■ **What the exercise asks**:
Without including any images, reproduce each entry exactly.
Segment Start: Supplied data
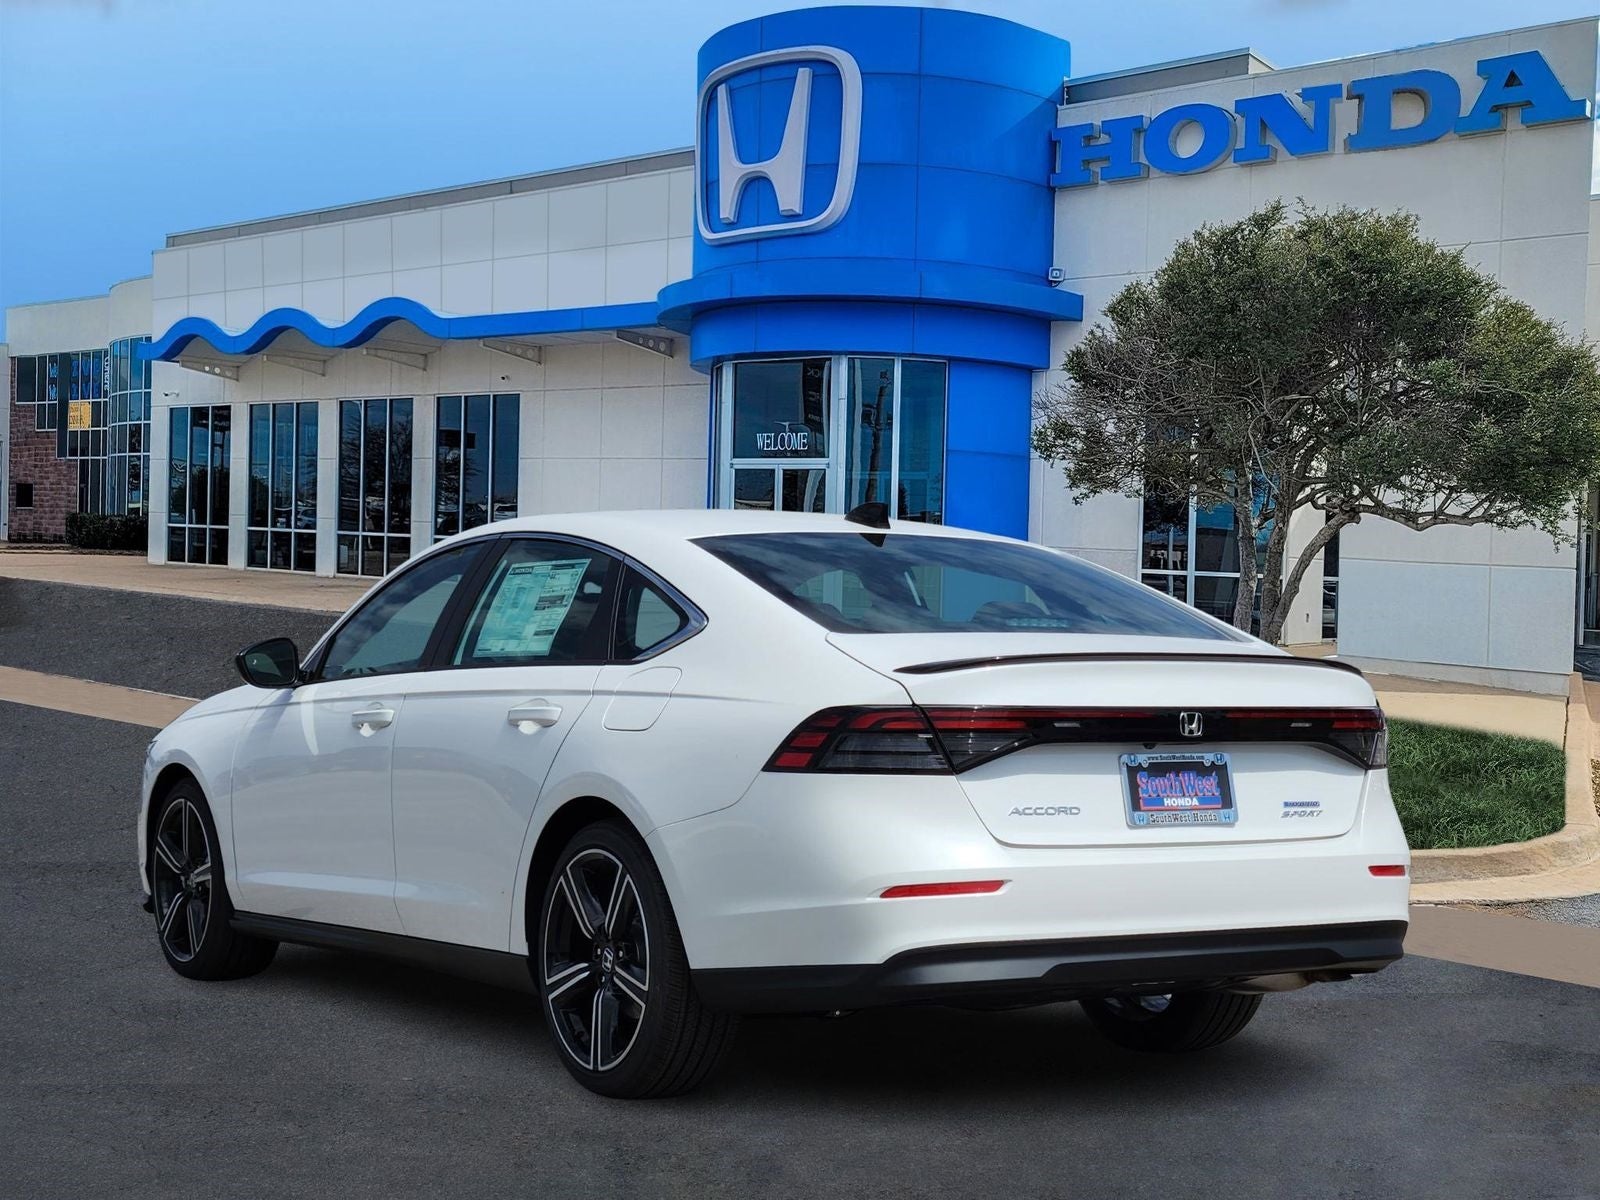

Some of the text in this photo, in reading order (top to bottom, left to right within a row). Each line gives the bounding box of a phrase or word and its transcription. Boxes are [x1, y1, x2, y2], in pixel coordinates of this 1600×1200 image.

[1051, 49, 1592, 187] HONDA
[756, 432, 808, 451] WELCOME
[1137, 771, 1221, 797] SouthWest
[1164, 797, 1199, 806] HONDA
[1008, 806, 1081, 816] ACCORD
[1150, 812, 1218, 824] SouthWest Honda
Segment End: Supplied data
■ **Answer to this exercise**:
Some of the text in this photo, in reading order (top to bottom, left to right within a row). Each line gives the bounding box of a phrase or word and its transcription. Boxes are [x1, y1, x2, y2], in pixel coordinates of this 1600×1200 image.

[1051, 49, 1592, 187] HONDA
[756, 432, 808, 451] WELCOME
[1137, 771, 1221, 797] SouthWest
[1164, 797, 1199, 806] HONDA
[1008, 806, 1081, 816] ACCORD
[1150, 812, 1218, 824] SouthWest Honda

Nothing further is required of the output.